1. randomization and sample composition: the manuscript would benefit from a more detailed account of the randomization process. It is currently unclear how the allocation sequence was generated or whether stratification was employed to balance the demographic or academic variables across groups. Additionally, the potential for selection bias should be acknowledged, particularly because students volunteered to participate in the mock OSCE. This self-selection could influence both anxiety levels and performance outcomes of the participants.

2. power analysis and effect size: while a power analysis is mentioned, the underlying assumptions are not provided in the manuscript. The authors should specify the expected effect size, standard deviation, and dropout rate used for the calculation. This information is important for assessing whether the sample size was sufficient to detect meaningful differences between groups. Reporting effect sizes for the main comparisons further contextualizes the statistical findings.

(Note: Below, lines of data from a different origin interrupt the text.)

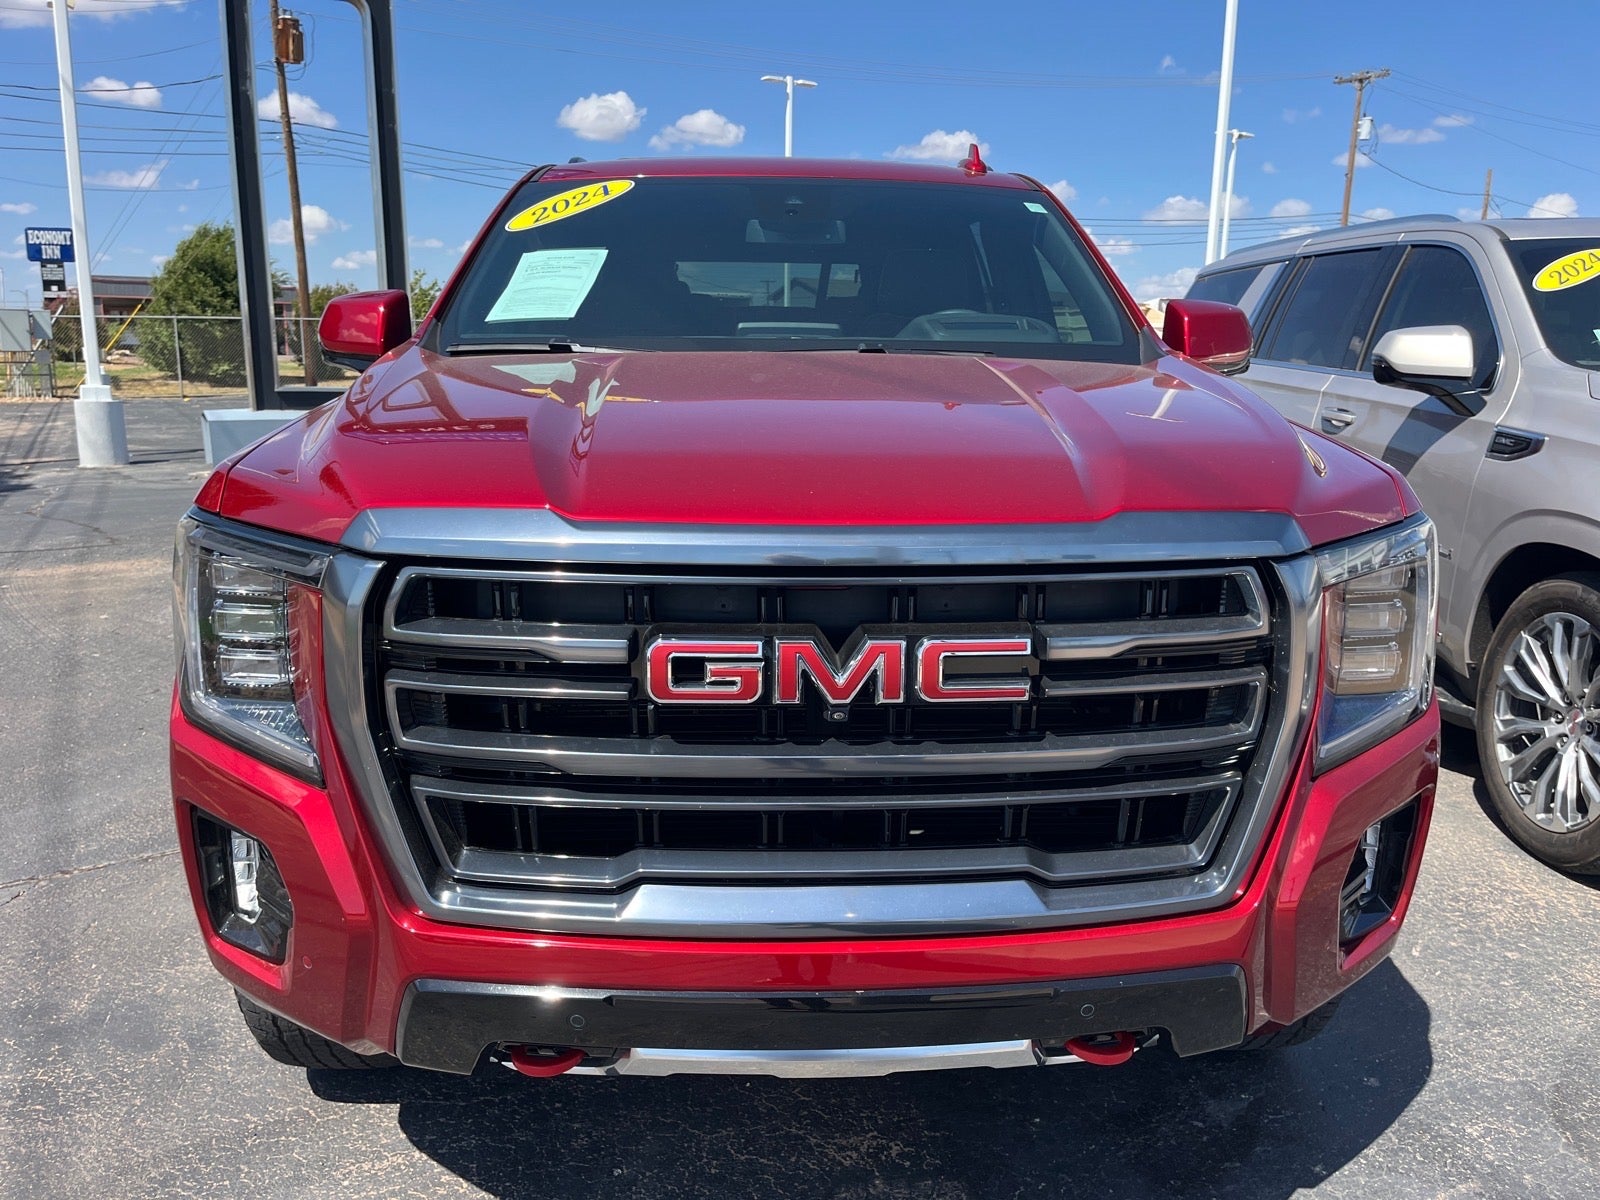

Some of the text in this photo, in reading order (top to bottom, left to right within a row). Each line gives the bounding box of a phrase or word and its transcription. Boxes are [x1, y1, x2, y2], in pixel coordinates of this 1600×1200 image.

[531, 183, 613, 224] 2024
[27, 229, 72, 245] ECONOMY
[41, 245, 61, 259] INN
[646, 633, 1032, 704] GMC
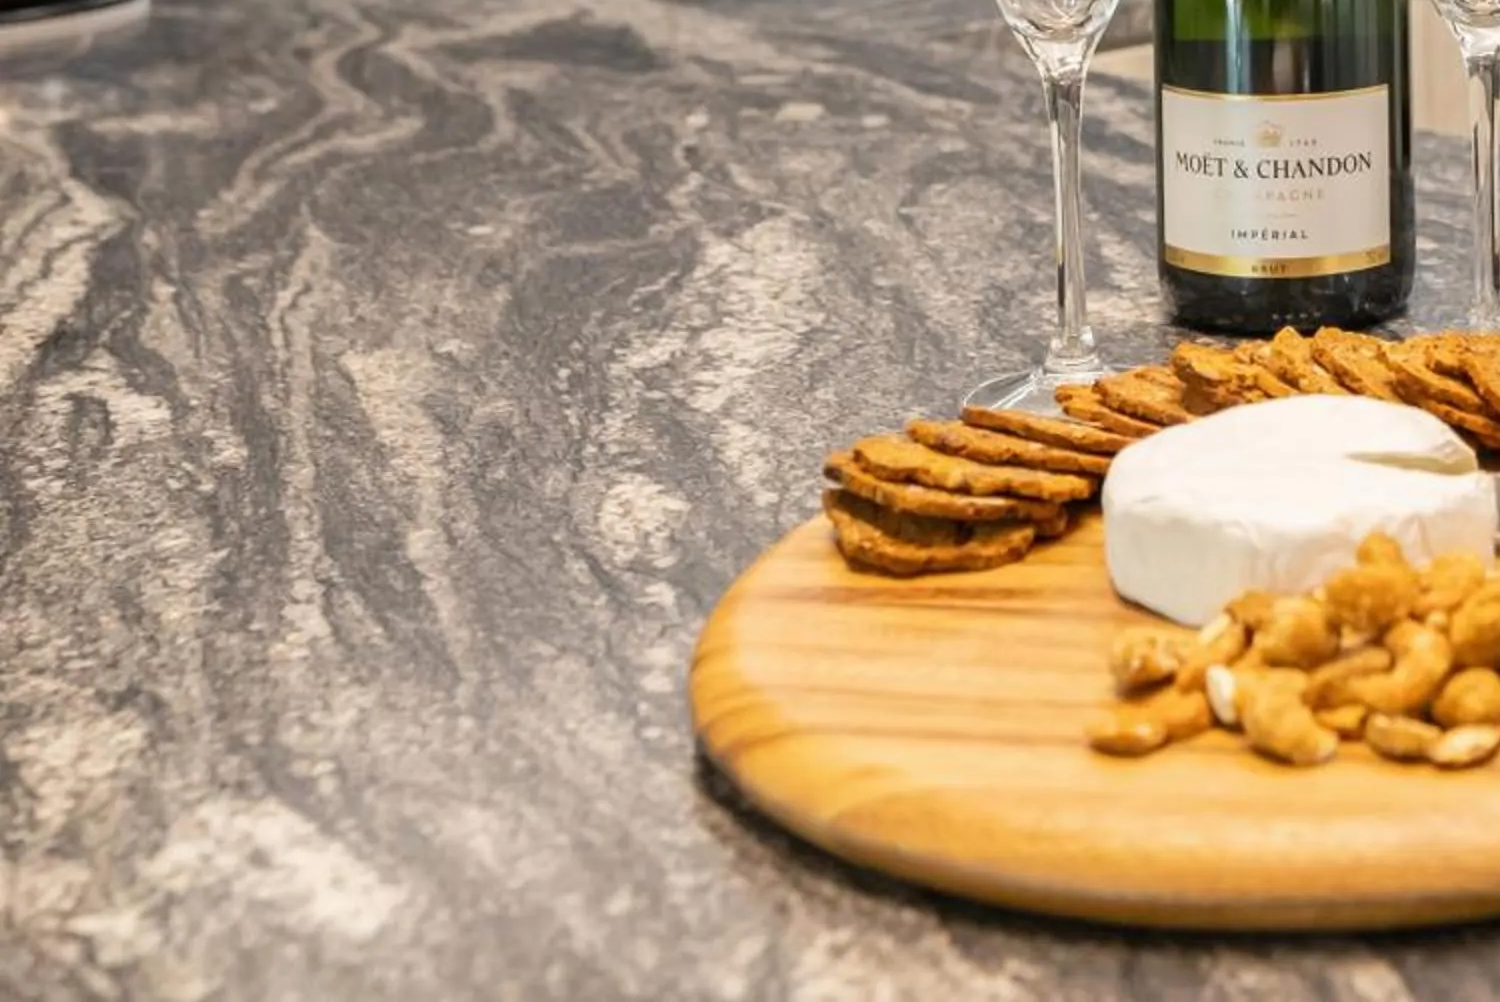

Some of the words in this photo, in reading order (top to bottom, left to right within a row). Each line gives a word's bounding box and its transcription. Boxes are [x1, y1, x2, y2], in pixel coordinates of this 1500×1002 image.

[1175, 151, 1229, 177] MOËT
[1233, 162, 1250, 179] &
[1257, 151, 1373, 180] CHANDON
[1213, 187, 1325, 202] CPAGNE
[1231, 227, 1310, 241] IMPÉRIAL

3. content overlap between assessments: there is a noted overlap in the content between the mock OSCE stations and the summative exam. This raises the possibility that performance improvements were influenced by familiarity rather than anxiety reduction. Although the authors briefly acknowledge this issue, a more explicit discussion of its potential impact on the results is required. The distinction between cognitive reinforcement and affective modulation must be clearly highlighted.

4. interpretation of performance outcomes: the observed difference in OSCE scores, although statistically significant, was modest. The manuscript should address the clinical or educational relevance of these differences. Would this change have any implications for grading thresholds, remediation decisions or student confidence in clinical environments? Clarifying this would enhance the practical utility of these findings.

Minor Comments

5. The manuscript does not specify whether the assumptions of normality were tested before applying parametric tests. Given the small sample size, this needs to be confirmed. A brief note on how the data distribution was assessed would be enough.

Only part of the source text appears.